8.) Retrieval Augmented Generation (RAG) and Beyond: A Comprehensive Survey on How to Make your LLMs use External Data More Wisely ( paper )
Large language models (LLMs) augmented with external data have demonstrated remarkable capabilities in completing real-world tasks. Techniques for integrating external data into LLMs, such as Retrieval-Augmented Generation (RAG) and fine-tuning, are gaining increasing attention and widespread application. Nonetheless, the effective deployment of data-augmented LLMs across various specialized fields presents substantial challenges. These challenges encompass a wide range of issues, from retrieving relevant data and accurately interpreting user intent to fully harnessing the reasoning capabilities of LLMs for complex tasks. We believe that there is no one-size-fits-all solution for data-augmented LLM applications. In practice, underperformance often arises from a failure to correctly identify the core focus of a task or because the task inherently requires a blend of multiple capabilities that must be disentangled for better resolution. In this survey, we propose a RAG task categorization method, classifying user queries into four levels based on the type of external data required and primary focus of the task: explicit fact queries, implicit fact queries, interpretable rationale queries, and hidden rationale queries. We define these levels of queries, provide relevant datasets, and summarize the key challenges and most effective techniques for addressing these challenges. Finally, we discuss three main forms of integrating external data into LLMs: context, small model, and fine-tuning, highlighting their respective strengths, limitations, and the types of problems they are suited to solve. This work aims to help readers thoroughly understand and decompose the data requirements and key bottlenecks in building LLM applications, offering solutions to the different challenges and serving as a guide to systematically developing such applications.

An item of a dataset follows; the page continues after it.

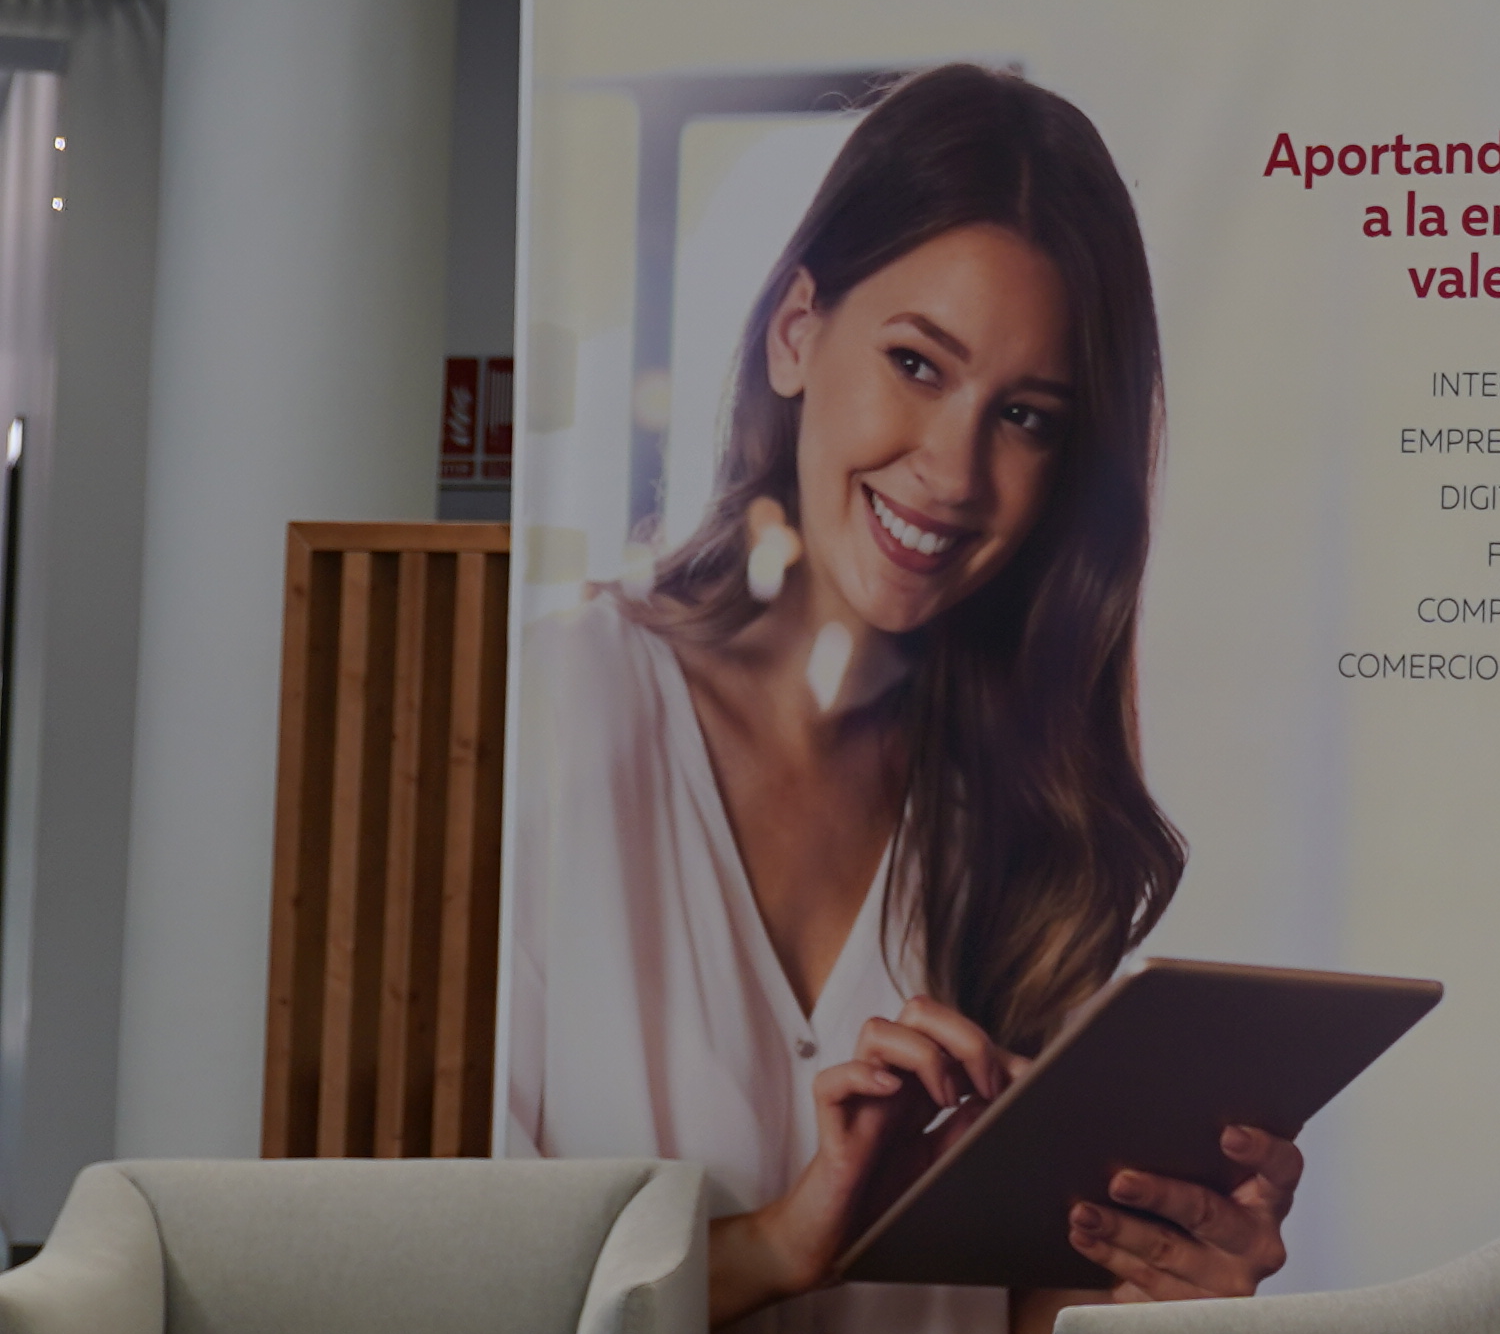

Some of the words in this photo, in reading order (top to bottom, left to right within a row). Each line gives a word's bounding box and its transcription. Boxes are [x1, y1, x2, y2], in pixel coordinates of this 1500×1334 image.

9.) Molmo and PixMo: Open Weights and Open Data for State-of-the-Art Multimodal Models ( webpage | paper )
Today's most advanced multimodal models remain proprietary. The strongest open-weight models rely heavily on synthetic data from proprietary VLMs to achieve good performance, effectively distilling these closed models into open ones. As a result, the community is still missing foundational knowledge about how to build performant VLMs from scratch. We present Molmo, a new family of VLMs that are state-of-the-art in their class of openness. Our key innovation is a novel, highly detailed image caption dataset collected entirely from human annotators using speech-based descriptions. To enable a wide array of user interactions, we also introduce a diverse dataset mixture for fine-tuning that includes in-the-wild Q&A and innovative 2D pointing data. The success of our approach relies on careful choices for the model architecture details, a well-tuned training pipeline, and, most critically, the quality of our newly collected datasets, all of which will be released. The best-in-class 72B model within the Molmo family not only outperforms others in the class of open weight and data models but also compares favorably against proprietary systems like GPT-4o, Claude 3.5, and Gemini 1.5 on both academic benchmarks and human evaluation.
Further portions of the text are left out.